第2話 第1章

文字数 15,010文字

第一章

――書き始めるに当たって、一言二言お断りいたしておきます。まず、文中の僕らとか皆(みな)、みんなの中身についてであります。最大で六人がそれに当たります。勿論、場面によりそれより少ない場合もあります。次に、書き綴っている時点での僕(ら)の年齢についてですが、その都度明確にするということに(こだわ)りませんでした。以上斟酌(しんしゃく)の程よろしくお願い申し上げます――

 僕がNと再び交渉を持ったのは中三の時だ。つまり、あの小五の席替えから丸三年以上没交渉だったわけである。それに中三の初めのころも、話さえしなかった。実を言うと僕はそれどころではなかったのである。隆二という奴がいた。とんでもないワルで、ついには県下の番長連のトップに納まった男だ。そいつが中二から僕と同じクラスとなった。そしてどういうわけか僕から離れないのである。脅されたり殴られたりする散々な日々が続いた。そして、中三も同じクラスになると分かった時、僕は本当に目の前が暗くなった。中一のたった一年間だけが、僕のこれまでの学校生活における唯一安穏な日々だった。
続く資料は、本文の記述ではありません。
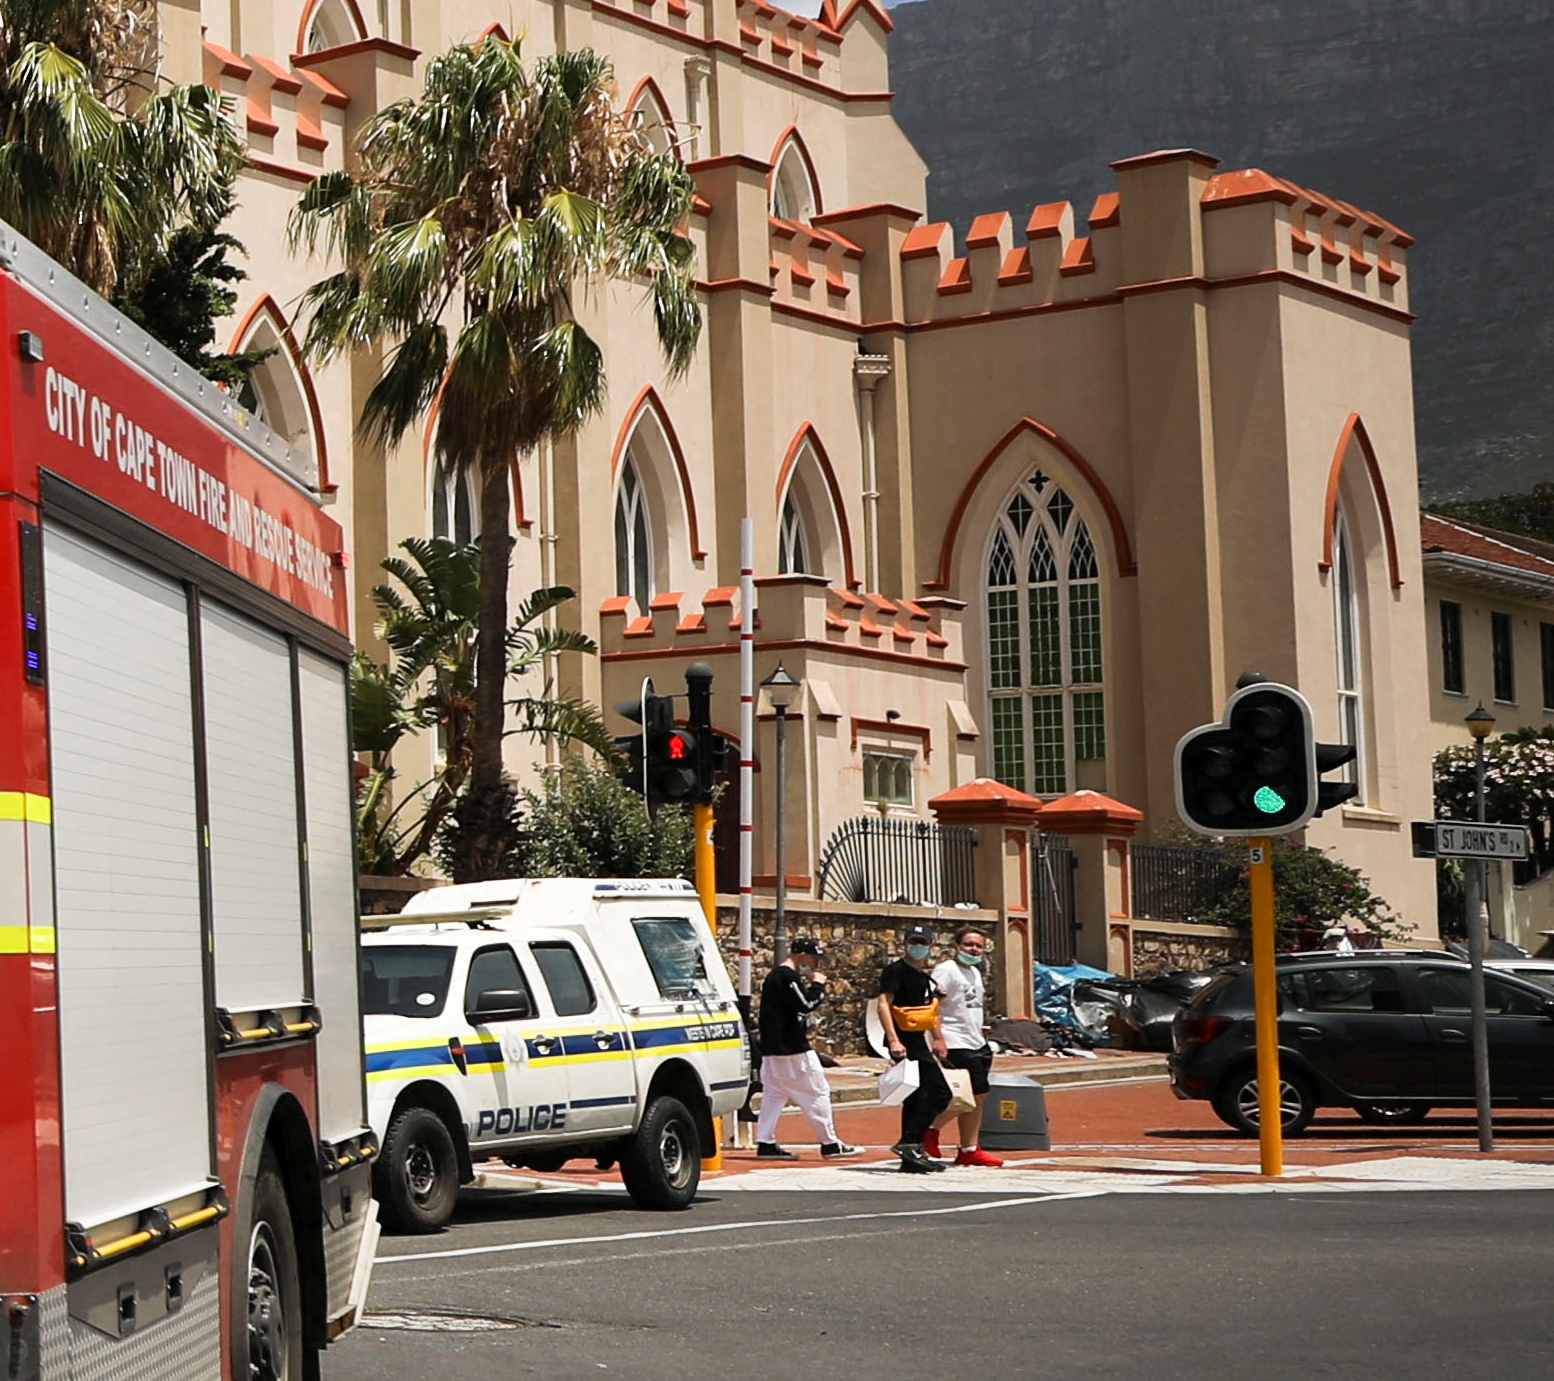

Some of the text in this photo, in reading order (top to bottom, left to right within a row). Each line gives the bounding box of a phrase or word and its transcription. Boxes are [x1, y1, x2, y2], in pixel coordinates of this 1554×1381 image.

[45, 366, 335, 601] CITY OF CAPE TOWN FIRE AND RESCUE SERVICE
[1443, 829, 1455, 849] ST
[1461, 830, 1496, 851] JOHN'S
[1252, 849, 1261, 862] 5
[477, 1103, 567, 1136] POLICE
 ところが不思議なことに、中三も夏休みを過ぎるとクラスの雰囲気が変わってきた。何より隆二がおとなしくなってきた。今思うと、同じクラスにいた生徒会長の満君と隆二といとこになる正巳の存在が大きかった気がする。それにやはり僕を含めて高校受験の重圧は無視できない。個人的な暴力は、その重圧の前では漂白されたような感じだった。そして僕がNとくっついたのも、原因はそれである。
 隆二から離れ、自由になった僕に受験勉強が迫ってきていた。いや、やっとそれに気づく余裕ができたと言うべきだろう。今まではあまり深刻に考えていなかった学力テストの結果が気になりだした。僕の父親は一流の外国語大学を出て、戦後すぐGHQに勤め、その後政府機関で英語の教授を務めた自他ともに認める英語のエキスパートだったのだが、僕の進学については不思議に淡白で、僕は受験勉強を強要されることがなかった。それでも学力テストの結果は上から二割くらいのところにいた。
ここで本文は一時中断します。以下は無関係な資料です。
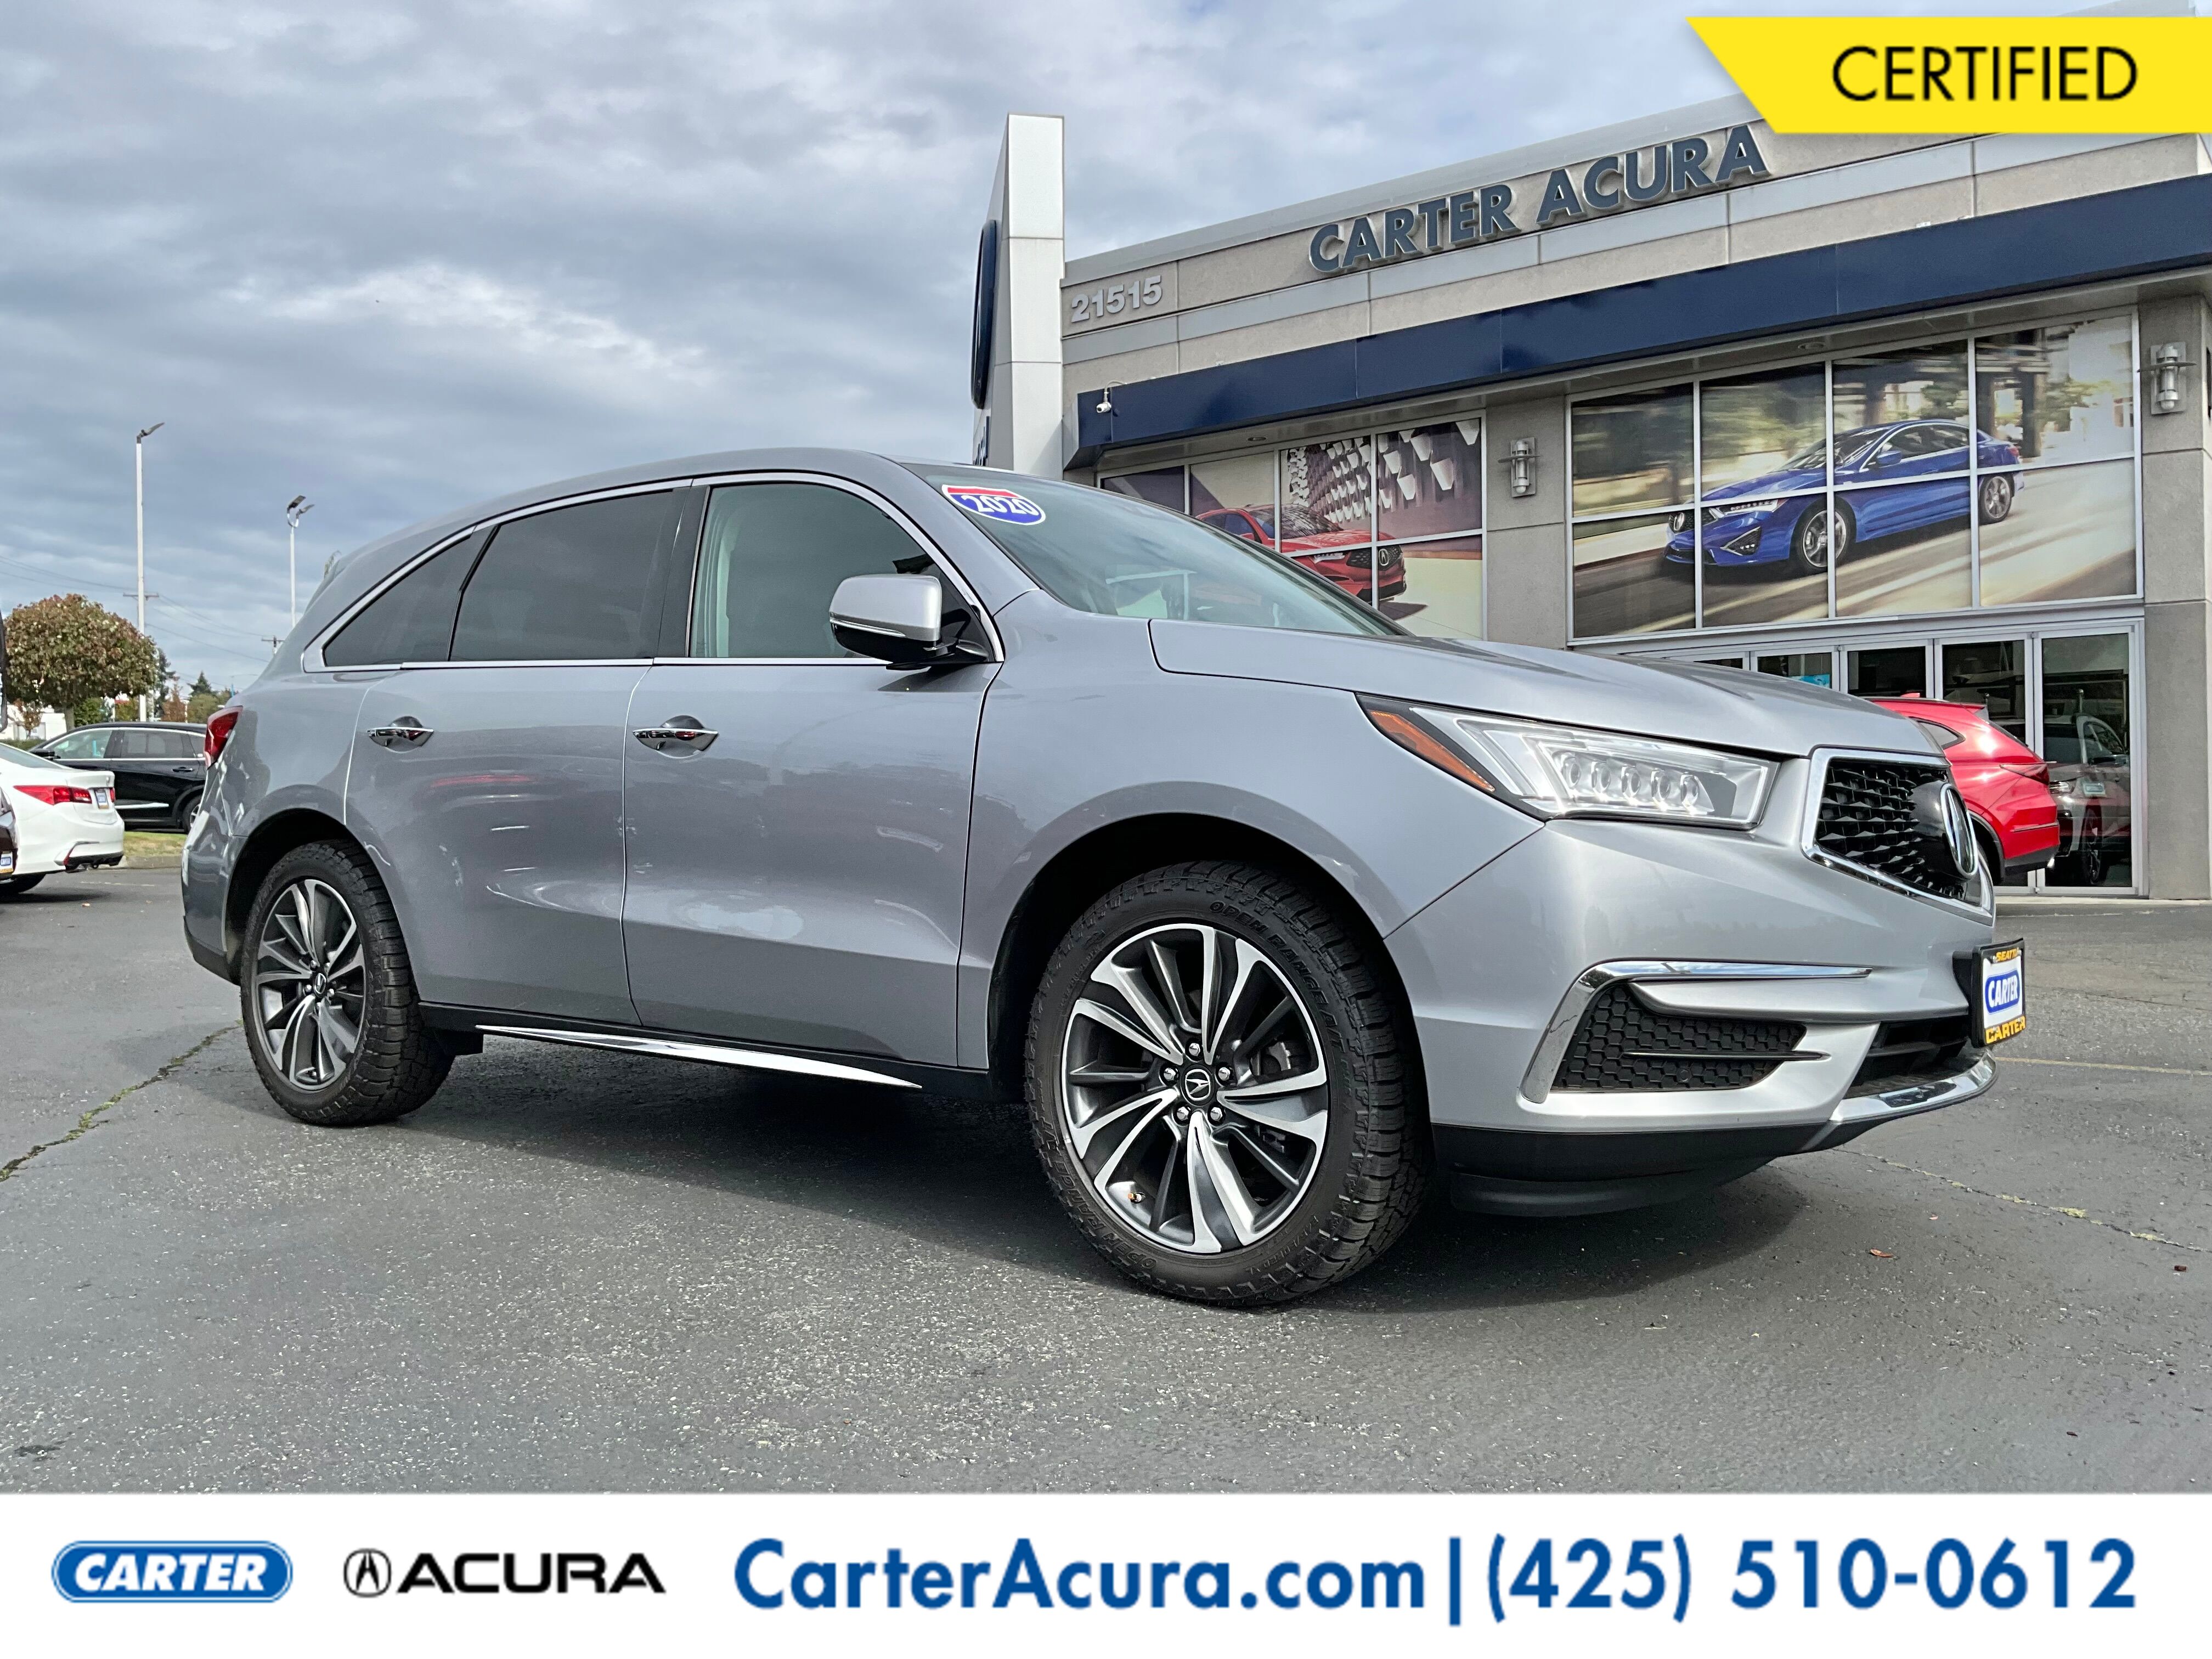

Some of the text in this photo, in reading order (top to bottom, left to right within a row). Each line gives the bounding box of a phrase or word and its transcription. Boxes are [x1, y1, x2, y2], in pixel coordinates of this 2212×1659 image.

[1309, 125, 1770, 273] CARTER ACURA
[1071, 275, 1162, 323] 21515
[961, 495, 1039, 516] 2020
[1988, 975, 2018, 1008] CARTER
[1986, 1015, 2025, 1043] CARTER
 当時の高校受験のシステムは一回限りの筆記試験だけで、15歳の少年少女にとってはかなりのプレッシャーであった。僕は一応進学校と呼ばれている高校には入りたいと思っていたので、今の成績では不安があった。成績のいい連中が気になり始めた。同じクラスで最も成績の良かったのがNと満君であった。
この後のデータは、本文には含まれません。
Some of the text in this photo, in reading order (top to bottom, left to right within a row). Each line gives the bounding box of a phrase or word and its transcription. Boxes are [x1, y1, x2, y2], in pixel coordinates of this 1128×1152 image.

 二人は三年生全体のトップクラスに属していて、共に上位の進学校希望だった。満君は別の小学校出身だったので僕には全く馴染みがなかったが、Nはいつの間にか親しくしていた。このころにはNが孤立することはなくなり、自信みたいなものも自然に身についていたようだ。
 同じクラスでは、正巳や僕と同じ村の久臣君とよくつるんでいた。正巳は先に述べたように隆二のいとこで、これもまたとっても喧嘩っ早く、そして学年一大柄だった。久臣君は野球一辺倒で成績はふるわなかったが、穏やかで誠実な人柄で、男の子にも女の子にもとっても人気があった。休み時間にはこの四人に別のクラスではあったがあのたあちゃんが加わり、よく五人でだべったり、猫の子のようにふざけ合っていた。僕は羨ましかった。そしてある日僕は見たのである。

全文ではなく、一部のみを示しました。